Randsburg - by the beginning of the twentieth century has settled into a calm period of average, modest mining production. No new gold discoveries were made after 1900 and the easy diggings had been worked and reworked. The lode mines were being run by companies and corporations, and the gold placers yielded less and less. Since 1896 miners and prospectors in the Stringer District (southeast of Randsburg) had been cursing the unwanted appearance of a creamy white substance in their pans and dry washers that was interfering with the gold recovery. The nasty stuff was nicknamed “heavy spar.”

It was actually scheelite, tungsten ore. Hundreds had discovered “ heavy spar before, cursing it for getting in the way. Yet when George Gay and Pat Burns found float at the St. Elmo Mine in 1904, they recognized it as scheelite. In trying to trace the float back to its source, the two missed the rich Atolia veins but discovered that the Stringer District veins contained tungsten values.

Randsburg stirred and yawned as men ran back to the Stringer District to relocate that “heavy spar.” What was once cursed was now coveted! Gay and Burns missed the rich veins of the Atolia District because the veins were entirely covered by detritus except at one location.
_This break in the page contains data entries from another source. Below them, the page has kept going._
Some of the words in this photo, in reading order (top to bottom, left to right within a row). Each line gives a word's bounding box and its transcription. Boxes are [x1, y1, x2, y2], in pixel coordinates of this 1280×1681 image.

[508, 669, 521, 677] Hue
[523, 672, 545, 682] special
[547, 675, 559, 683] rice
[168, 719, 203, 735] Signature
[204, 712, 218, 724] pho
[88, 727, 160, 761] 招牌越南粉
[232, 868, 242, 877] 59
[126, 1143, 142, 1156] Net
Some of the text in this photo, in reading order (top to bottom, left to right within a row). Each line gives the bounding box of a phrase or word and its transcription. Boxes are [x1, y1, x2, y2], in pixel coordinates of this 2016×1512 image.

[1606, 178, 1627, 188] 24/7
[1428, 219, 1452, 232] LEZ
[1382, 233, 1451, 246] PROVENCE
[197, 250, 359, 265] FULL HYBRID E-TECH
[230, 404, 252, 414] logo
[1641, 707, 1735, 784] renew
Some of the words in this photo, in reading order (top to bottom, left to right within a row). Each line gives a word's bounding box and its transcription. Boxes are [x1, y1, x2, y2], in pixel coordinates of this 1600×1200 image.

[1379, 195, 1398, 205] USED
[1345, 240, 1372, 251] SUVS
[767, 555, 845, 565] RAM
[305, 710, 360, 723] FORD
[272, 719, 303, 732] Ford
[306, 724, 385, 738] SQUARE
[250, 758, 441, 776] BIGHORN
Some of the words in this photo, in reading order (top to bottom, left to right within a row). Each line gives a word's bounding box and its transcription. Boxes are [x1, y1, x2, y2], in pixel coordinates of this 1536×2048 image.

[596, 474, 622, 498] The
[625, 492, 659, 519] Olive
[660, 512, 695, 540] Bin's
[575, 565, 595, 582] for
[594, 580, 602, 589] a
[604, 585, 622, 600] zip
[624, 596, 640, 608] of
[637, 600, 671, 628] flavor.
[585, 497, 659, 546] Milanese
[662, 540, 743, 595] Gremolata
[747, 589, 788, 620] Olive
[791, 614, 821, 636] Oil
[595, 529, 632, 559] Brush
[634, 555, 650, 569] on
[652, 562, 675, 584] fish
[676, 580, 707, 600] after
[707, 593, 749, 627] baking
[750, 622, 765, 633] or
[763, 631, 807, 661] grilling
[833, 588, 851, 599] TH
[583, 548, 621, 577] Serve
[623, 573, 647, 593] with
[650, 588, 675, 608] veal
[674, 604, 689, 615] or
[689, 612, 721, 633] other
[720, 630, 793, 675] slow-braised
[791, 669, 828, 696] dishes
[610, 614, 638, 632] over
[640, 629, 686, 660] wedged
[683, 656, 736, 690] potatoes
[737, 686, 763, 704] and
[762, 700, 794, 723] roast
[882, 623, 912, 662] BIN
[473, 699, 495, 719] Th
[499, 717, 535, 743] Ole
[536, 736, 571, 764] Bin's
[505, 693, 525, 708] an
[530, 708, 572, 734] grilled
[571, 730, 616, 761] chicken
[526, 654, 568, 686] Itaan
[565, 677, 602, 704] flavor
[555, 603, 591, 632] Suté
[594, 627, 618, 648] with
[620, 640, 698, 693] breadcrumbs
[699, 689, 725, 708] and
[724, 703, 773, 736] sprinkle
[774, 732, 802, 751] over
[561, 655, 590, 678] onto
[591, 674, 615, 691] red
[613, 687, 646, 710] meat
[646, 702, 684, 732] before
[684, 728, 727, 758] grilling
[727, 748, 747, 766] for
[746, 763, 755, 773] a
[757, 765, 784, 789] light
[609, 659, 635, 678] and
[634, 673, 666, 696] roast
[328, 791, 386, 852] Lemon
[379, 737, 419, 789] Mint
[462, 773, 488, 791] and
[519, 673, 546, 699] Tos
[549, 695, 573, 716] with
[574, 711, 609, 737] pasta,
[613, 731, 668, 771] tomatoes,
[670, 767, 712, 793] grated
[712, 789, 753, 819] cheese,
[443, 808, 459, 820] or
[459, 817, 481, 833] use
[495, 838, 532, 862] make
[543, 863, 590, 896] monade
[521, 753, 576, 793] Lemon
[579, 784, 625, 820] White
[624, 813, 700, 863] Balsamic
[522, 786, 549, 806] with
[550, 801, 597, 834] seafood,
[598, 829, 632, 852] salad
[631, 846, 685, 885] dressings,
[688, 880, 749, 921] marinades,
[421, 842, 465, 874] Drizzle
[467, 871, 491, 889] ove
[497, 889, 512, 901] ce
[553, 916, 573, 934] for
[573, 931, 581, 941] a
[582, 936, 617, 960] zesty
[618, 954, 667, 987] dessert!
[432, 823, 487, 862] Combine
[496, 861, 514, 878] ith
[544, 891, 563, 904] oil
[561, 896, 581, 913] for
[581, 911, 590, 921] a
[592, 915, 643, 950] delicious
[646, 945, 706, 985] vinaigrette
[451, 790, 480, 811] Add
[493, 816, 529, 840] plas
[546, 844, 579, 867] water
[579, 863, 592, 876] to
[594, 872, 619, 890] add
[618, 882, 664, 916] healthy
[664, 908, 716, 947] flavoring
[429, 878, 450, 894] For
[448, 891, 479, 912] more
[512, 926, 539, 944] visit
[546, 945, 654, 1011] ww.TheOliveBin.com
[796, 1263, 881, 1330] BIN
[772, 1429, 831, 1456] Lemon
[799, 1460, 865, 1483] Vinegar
In the excitement that the two created, this was soon discovered as the Papoose, which from 1908 to 1911 was the leading scheelite mine in the world. With the Papoose discovery and the later location of the Union Mine, Randsburg had something to shout about. Her second boom was on, even though, due to the more glamorous Nevada strikes (Tonopah, Goldfield, Rhyolite), and a few California booms (Skidoo and Greenwater), Randsburg's jubilation went largely unnoticed outside the county.

Atkins and De Golia put up the first tungsten mill in 1907. Combining their names, the prospectors gave the name Atolia to their camp, located 4 miles south of Johannesburg. Atolia's 60 citizens dry washed the area for high grade float, and many worked for the Atolia Mining Company, which very quickly bought up all the good ground, becoming the owners of 56 claims accounting for 95 percent of the entire district's tungsten production.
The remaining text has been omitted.